Triumph and hope blended together in Marius’s voice to lighten it again. “Perhaps, Lady Irvine, you would be so good as to join me for supper tomorrow evening? I would be delighted to introduce you to a few of my friends, so you might not be so alone in a strange new city. Lutetia must be very different from Lanyarch.” Through hope came strain, his words so careful as to be forced. Such shyness was beyond her expectations of him, and Belinda dimpled, tightening her fingers around his arm.

“I would be delighted. One of the only kindnesses of widowhood, sir, is that as a widow a woman is thought respectable, and permitted to attend to her own duties and pleasures without a chaperone. I would enjoy dining with you very much.”

“At seven, then?” Marius asked, voice still tight with strain, newly tempered with pleasure. “I should be glad to send my carriage for you, if you would tell me your address.”

Teasing sprang into Belinda’s words. “Are you telling me that you don’t already know it?”

To her utter delight, deeper red than before rushed to Marius’s cheekbones. He cleared his throat and pushed his lips out, staring firmly at a child across the street. The girl caught his gaze and darted toward him, holding her box of summer flowers out. “Buy a peony for the lady, sir!” she caroled. “A lady likes nothin’ better than a pansy! Won’t you buy a flower for a penny, sir?”
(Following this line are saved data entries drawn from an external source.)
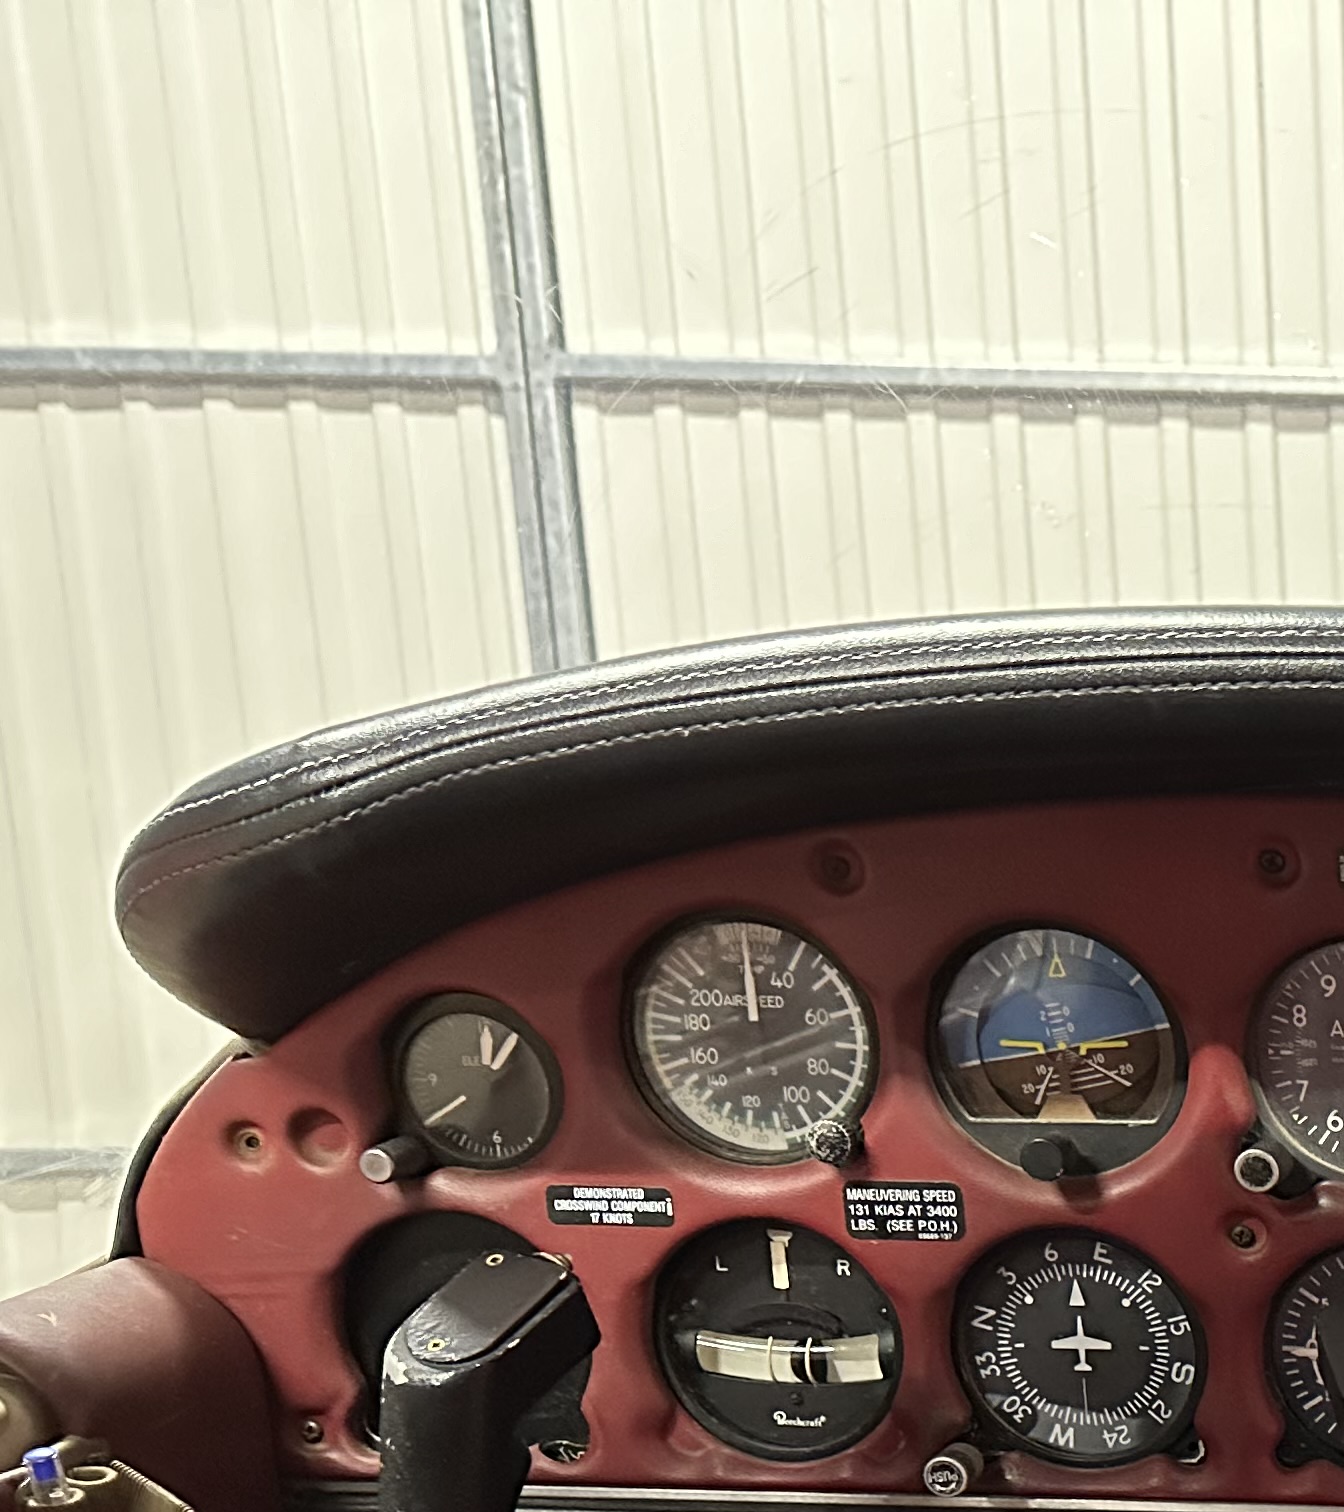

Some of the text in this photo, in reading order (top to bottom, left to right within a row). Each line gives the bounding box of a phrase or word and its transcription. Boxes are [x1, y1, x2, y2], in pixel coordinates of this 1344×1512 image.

[783, 1087, 810, 1103] 100
[573, 1187, 644, 1200] DEMONSTRATED
[847, 1189, 956, 1202] MANEUVERING SPEED
[554, 1200, 665, 1213] CROSSWIND COMPONENT
[849, 1205, 957, 1217] 131 KIAS AT 3400
[850, 1219, 957, 1234] LBS. (SEE P.O.H.)
[773, 1411, 823, 1427] Beechcraft
Marius released Belinda’s hand to dig in a belt pouch for a coin, handing it to the waif as he plucked a bouquet of bright pink and yellow flowers from her box. Belinda stood back, her own concentration caught up in a struggle between letting a pure, full smile come through and the reticence she had long since built into herself wanting to forbid it. Instead of the forceful smile, she felt tremendous amusement twitching her lips as Marius turned to her, offering the bouquet. “Forgive me,” he said, grinning openly. The flower girl’s interruption had given him time to regain equilibrium, and he was able to laugh at himself now. “I do know your address, and if you will be so good as to take these beautiful—”

“Weeds,” Belinda interrupted, unwilling to push down her own laughter any longer. Marius looked at his handful of flowers in dismay. “Weeds,” Belinda repeated. “Dandelions, these,” she fingered the yellow flowers, “and red clover.”

“I had thought to do you better than a handful of common weeds,” Marius said dolefully. Belinda laughed aloud, half startled at the sound of it, and stepped forward to take the flowers from his hand.

“The right sort of woman might take them as a compliment, M’sieur Poulin. They have their own beauty, if perhaps a little coarse, and they are pernicious. A weed need not be nurtured and coaxed along. Instead it springs up when and where it will, to show its colors brilliantly and without fear. Even the most stubborn gardener of all,” and she lifted her eyes, looking up at him through her lashes, “must root and dig and force himself upon them, to have a chance at the upper hand.”

Marius blanched, then reddened again. He cleared his throat, glancing at Belinda’s handful of flowers, then made himself meet her eyes. “I shall endeavor to be the sort of gardener who encourages weeds, then,” he said, voice gone rough and soft again. “A woman who appreciates the beauty in such things must be worth cultivating for.”

Belinda pressed her fingertips against her throat, smiling. “You honour me.” She stepped forward again, close enough to sway her hips and brush them against Marius’s. “I am sure,” she murmured, “that being cultivated will be an experience all of its own.” She swallowed back laughter—this Beatrice she wore laughed far too easily and Belinda was not at all certain she approved of her chosen persona’s gaiety—as Marius swallowed and tried not to let his gaze rest too obviously on her bosom.